Abstract
Integrating local full-spectrum solar, wind, and biomass resources into industrial energy systems can reduce fossil fuel dependency and environmental impact. Focusing on heat and power requirements of an industrial park with demand response method, a biomass-solar-wind integrated energy system is constructed employing an organic Rankine cycle to efficiently harness renewable and waste thermal energy. Optimal scheduling of devices is determined to maximize profits for both the system and users, followed by comprehensive cost, carbon, and water footprint analyses from an ecological standpoint. The results demonstrate that the renewable energy integration achieves a 96.3% penetration rate through biomass utilization, albeit accompanied by a 44.0% reduction in system profitability and a 2.1-fold increase in water footprint compared to natural gas-based systems. Sensitivity analysis underscores the significant influence of water parameters on the energy system, providing crucial insights for advancing renewable energy management practices through integrated cost-carbon-water nexus analysis.

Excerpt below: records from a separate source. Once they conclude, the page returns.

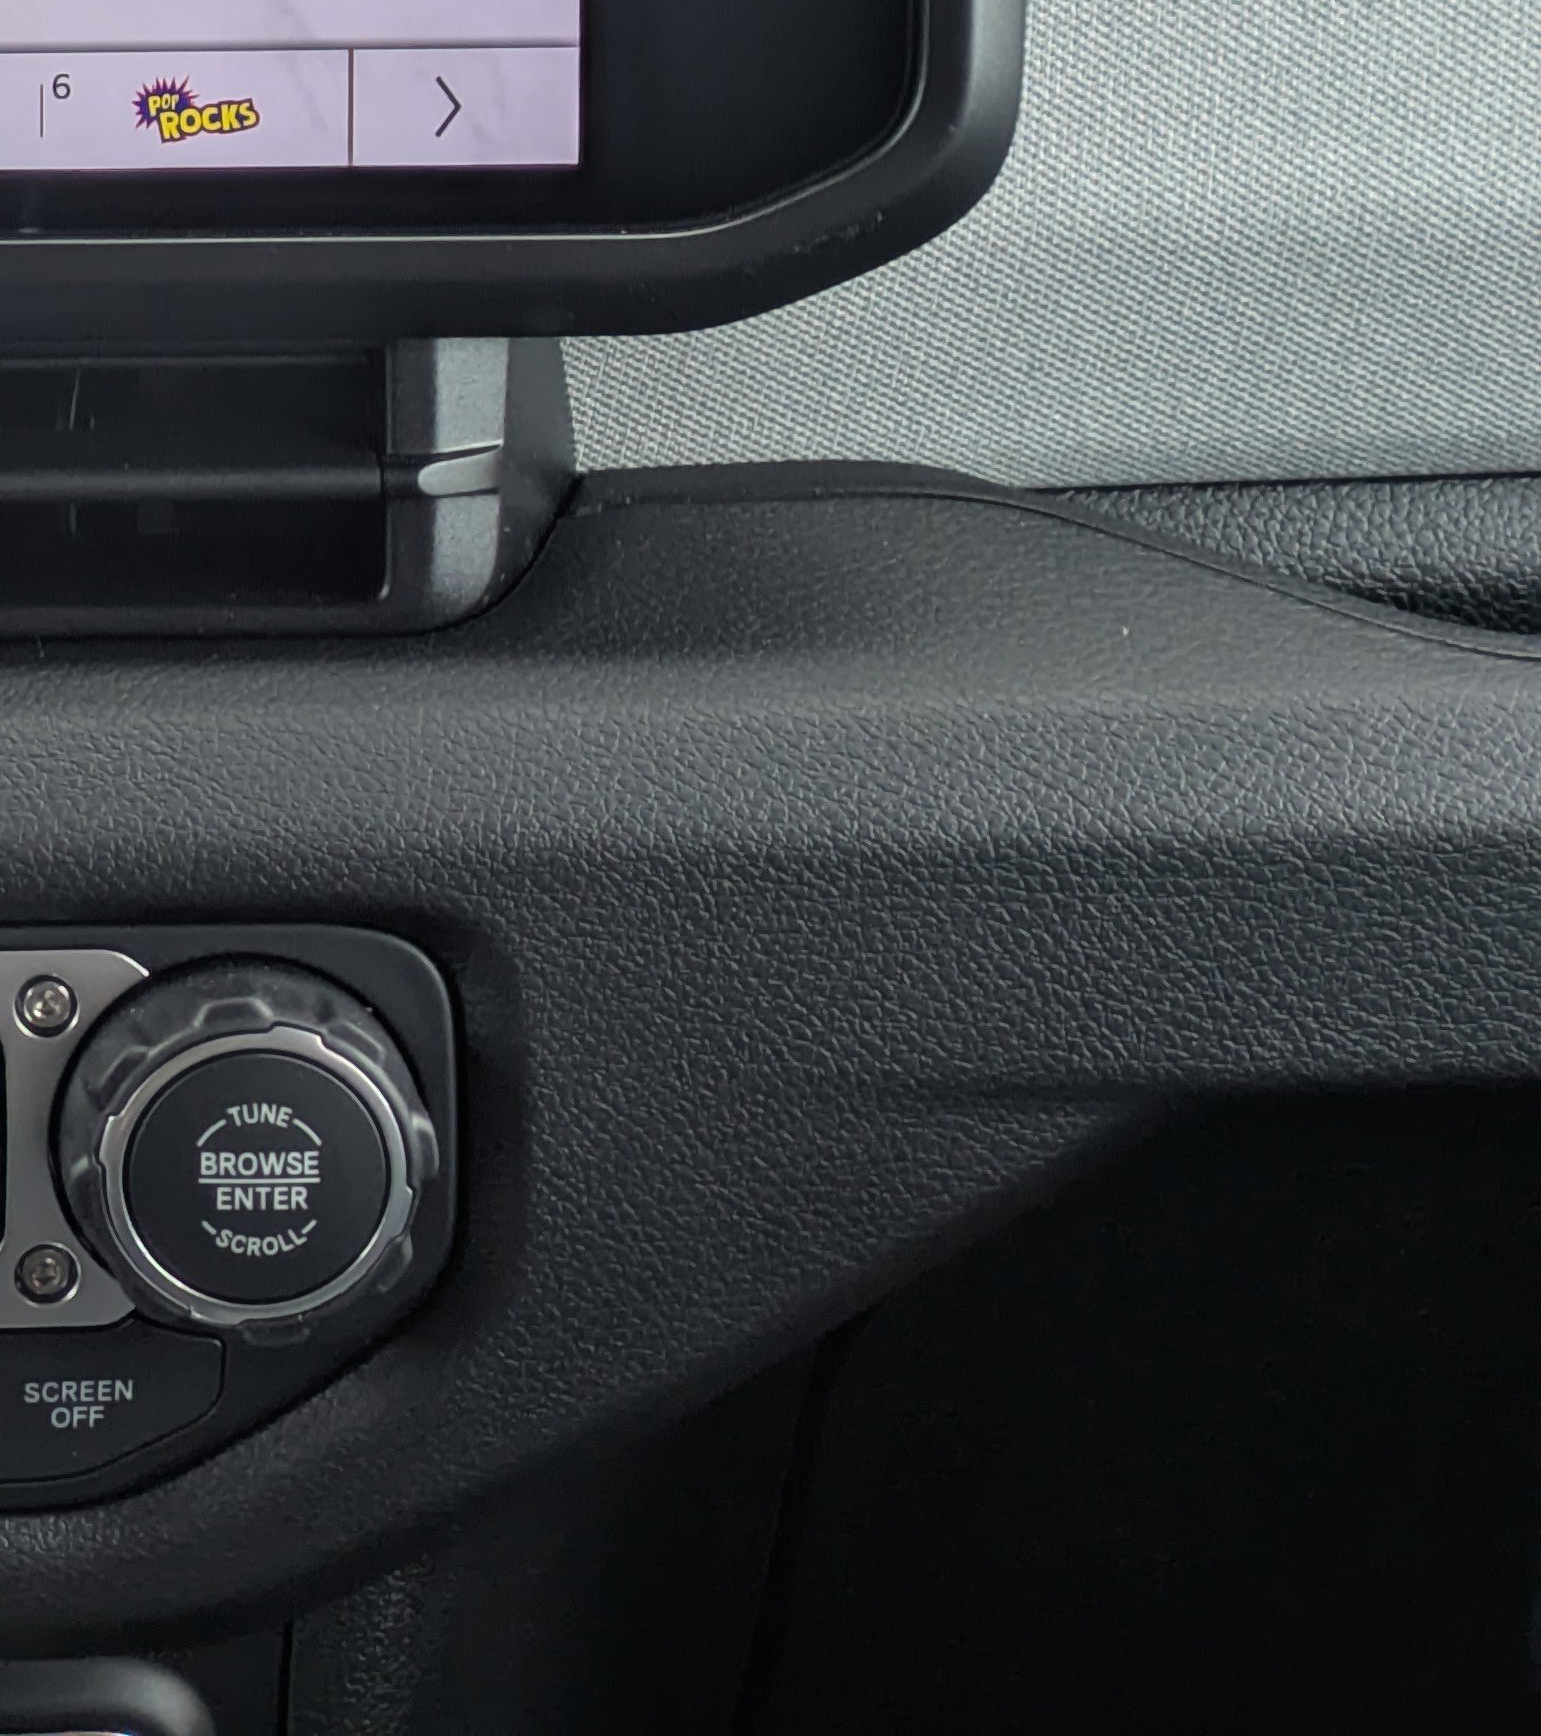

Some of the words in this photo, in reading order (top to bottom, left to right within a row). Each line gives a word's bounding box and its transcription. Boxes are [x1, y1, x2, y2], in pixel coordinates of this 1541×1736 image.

[52, 74, 71, 100] 6
[148, 93, 180, 117] POP
[159, 102, 258, 140] ROCKS
[227, 1105, 294, 1129] TUNE
[200, 1151, 320, 1176] BROWSE
[216, 1185, 308, 1211] ENTER
[215, 1226, 306, 1257] SCROLL
[24, 1379, 134, 1403] SCREEN
[50, 1406, 105, 1429] OFF
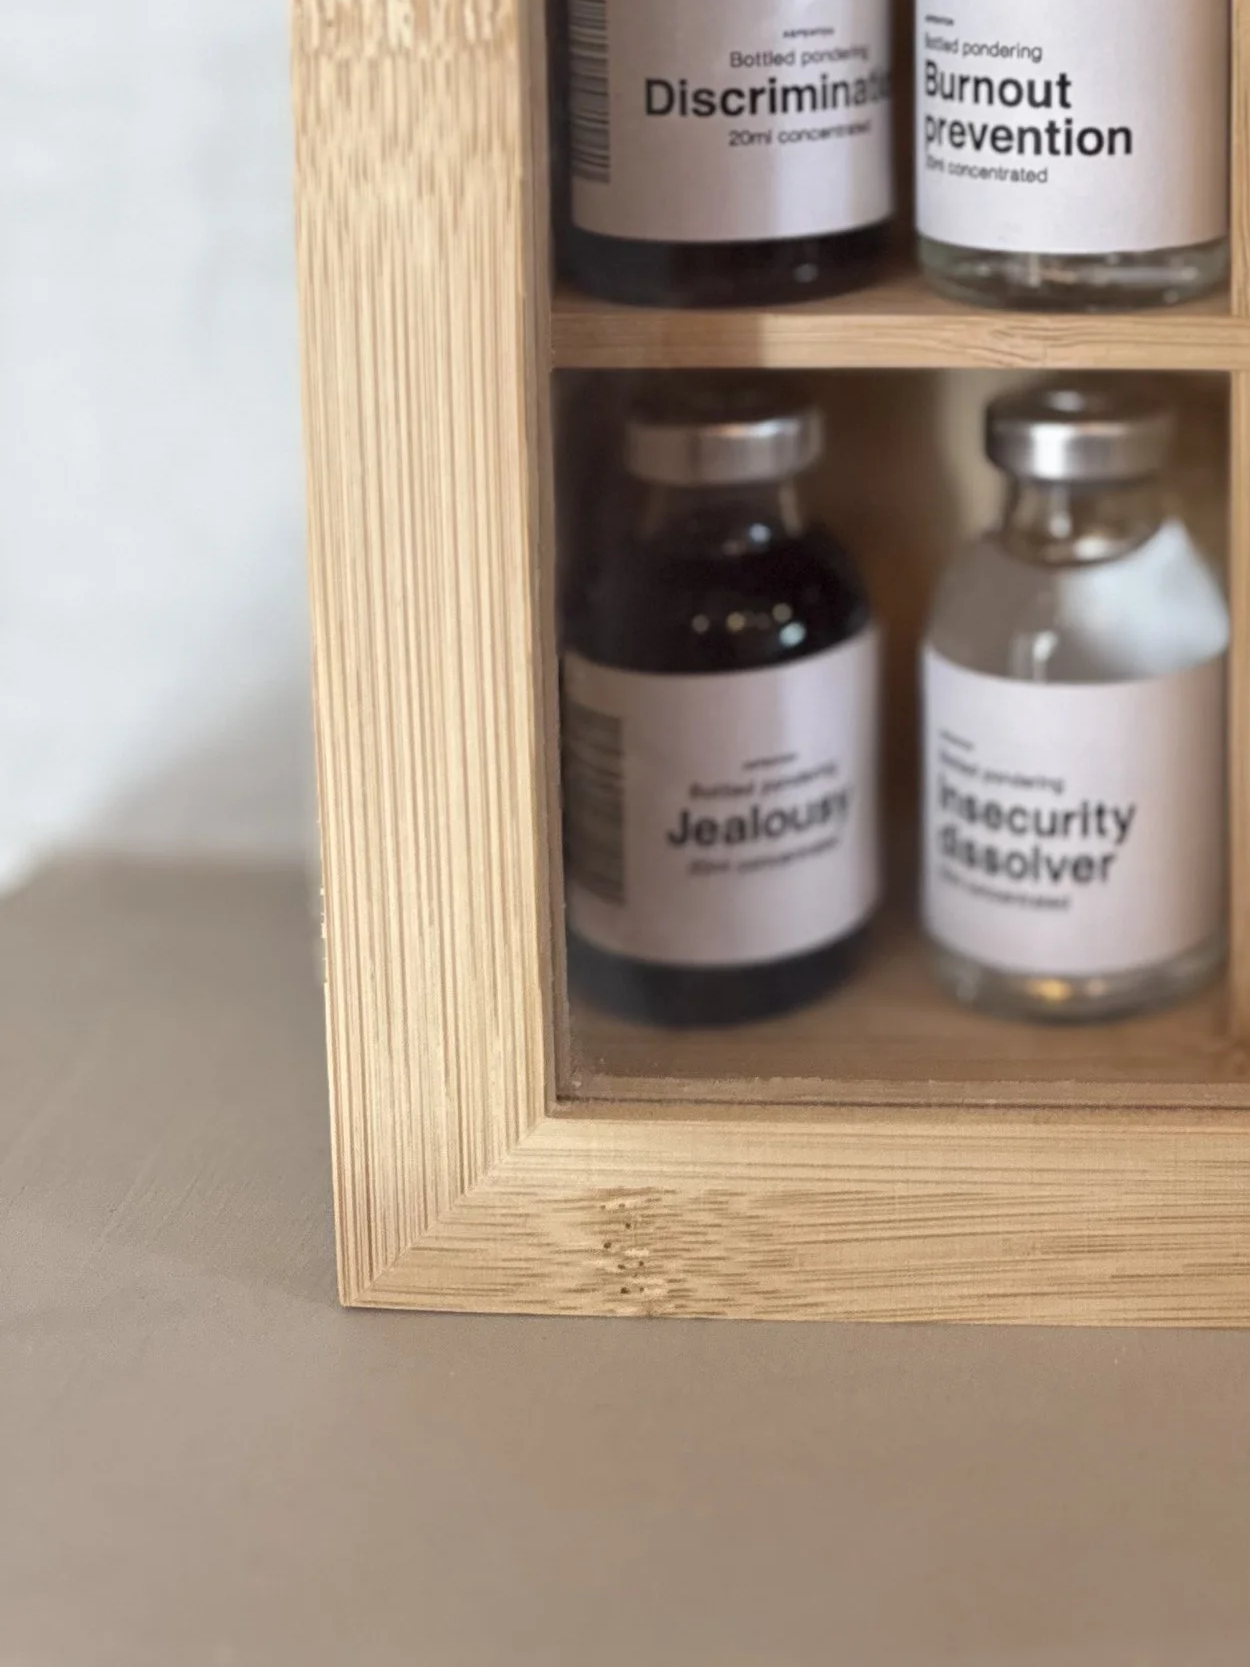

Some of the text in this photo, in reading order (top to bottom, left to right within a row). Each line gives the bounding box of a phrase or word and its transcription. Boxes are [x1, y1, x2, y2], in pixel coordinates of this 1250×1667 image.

[729, 49, 796, 69] Bottled
[962, 41, 1043, 64] pondering
[925, 59, 1072, 109] Burnout
[728, 129, 773, 147] 20ml
[925, 114, 1133, 157] prevention
[948, 161, 1048, 183] concentrated

This study advances energy transition research beyond single-criterion optimization, offering policymakers a dispatching framework to align industrial energy planning with planetary boundaries through explicit water-carbon-economic tradeoff quantification.
| Original language | English |
|---|---|
| Article number | 136359 |
| Pages (from-to) | 1-12 |
| Number of pages | 12 |
| Journal | Energy |
| Volume | 327 |
| DOIs | |
| Publication status | Published - Jul 2025 |
| MoE publication type | A1 Journal article-refereed |
UN SDGs
This output contributes to the following UN Sustainable Development Goals (SDGs)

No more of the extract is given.